Have you ever wondered what intelligence looks like? I know I haven’t. The very question launches from a category mistake. Intelligence is a kind of experience. We can list abilities, but the act of intellection is not itself list-like. Intelligence is an intrinsic property that makes external relations for itself, but intelligence does not correspond to kinds of figuration.

And then I suddenly remembered that, actually, it is. In fact, intellection and even consciousness itself (well, this physical one anyway) works through separation of space for the sake of division of labor, bio-energetically economic mechanics of action, the use of space to engineer timing differences, and the use of electric field fluctuations to create the familiar experience of awareness as a distributed unity, which is the real ontological basis of the synthetic unity of our consciousness.

All the many elements get averaged and smoothed and averaged and smoothed at higher and more comprehensive levels of functional generality until you arrive at the morphology of the electric field floating above the “churning and boiling tar” of our pain-based reactivity, that is, the real sentient (qua vedana) guts of the self—i.e., the feeling and volition that arises from coordinated reaction to extra-corporeal events. It is the panicking protoplasmic reaction and, ultimately, the quivering vitality of matter itself whose every change in state registers something of the internal presence-for of simple consciousness.

External physical events will eventually become facts for these our pain-feeling unicellular ancestors. Immediate life-saving reaction evolved into reaction that learned—that is, a higher-order reaction that could choose among candidate automatic reactions. And the ability to compare and weight automatic responses due to result, with memory, gave birth to representation. And when representations that necessarily included the subject in their sense (locomotion, first and foremost) evolved, so did the aloof and detachable self, the witnessing self, the Cartesian self.

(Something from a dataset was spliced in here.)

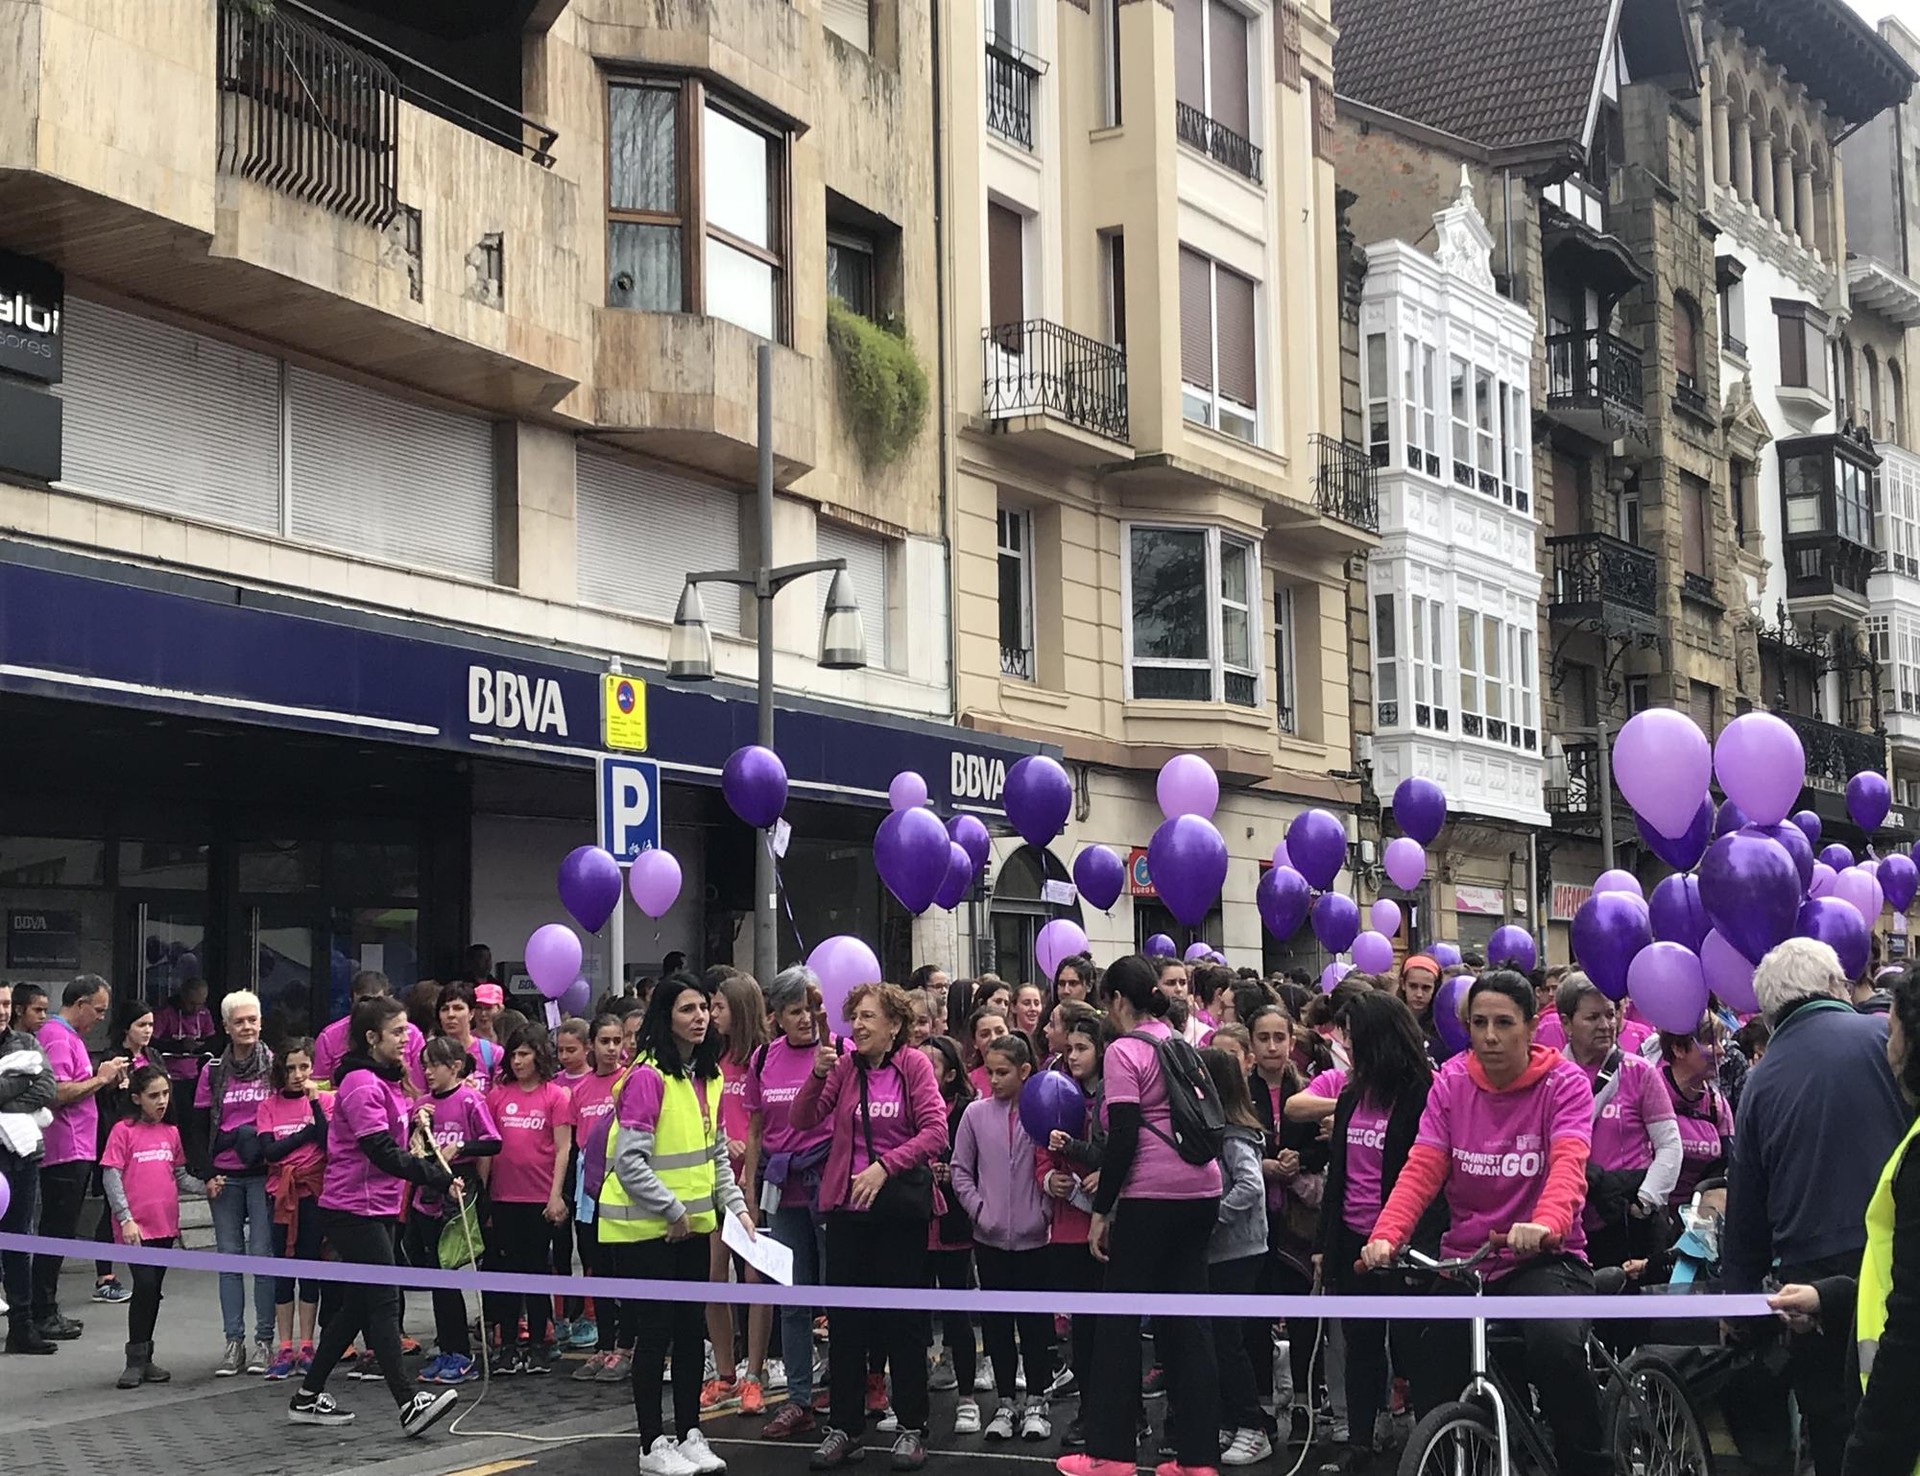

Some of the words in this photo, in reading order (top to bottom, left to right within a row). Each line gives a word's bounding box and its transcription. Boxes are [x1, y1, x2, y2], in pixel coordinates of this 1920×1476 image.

But before our ciliate, flagellate, and amoeboid ancestors became epistemic representers, their “relation” to external events was nothing but the automatic actions dictated by their internal mechanics that evolved as elaborations of the original hypercycle that inaugurated the temporally reproducing “entity” in the first place. The fundamental ontological class of the biological organism is dynamically sustained coherence of local density, or island of negentropic hypercycling or self-maintenance. It is a specially arranged and specially moving clot of state-updating molecular machines. As long as external conditions are right, the eddy will remain in precarious contingent existence. The cell is a (literal: membrane) bundle of magnetically interactive mass-bundles that bounce, merge, exchange parts, and recombine in such a way that they reproduce their own conditions. Life is not A-A-A … but A-B-C-A-B-C-A-B-C. Each letter is a shape and a movement. A cell is actually a bundle of self-reproducing change types.

The spatial layout of such systems is important. If anything “has a look,” spatial figuration does. In fact, geometrical difference is the exemplary element that individuates objects. We know that colors are always uncertain. (If I expose you to red light for an hour and show you a card that you yourself judged to be gray under white light an hour earlier, you will see it as green. You will not think green, you will see it. So we know that color fails as an objective identifier and individuator. But a figure can never change. Different geometrical figures are different in a way that cannot be smudged.) The timing of electric field fluctuations is important to constituting this self-aware epistemic awareness of physical reality that we currently are. The chemical process that effects the action potential is the same thought the body. Speed (axonal conduction velocity) can by chemical means be changed only by adding myelin sheath. The primary means of timing determination are distance and, indirectly, number of dendritic connections. Certain field fluctuation timings are loci of subjective experience, and others are not.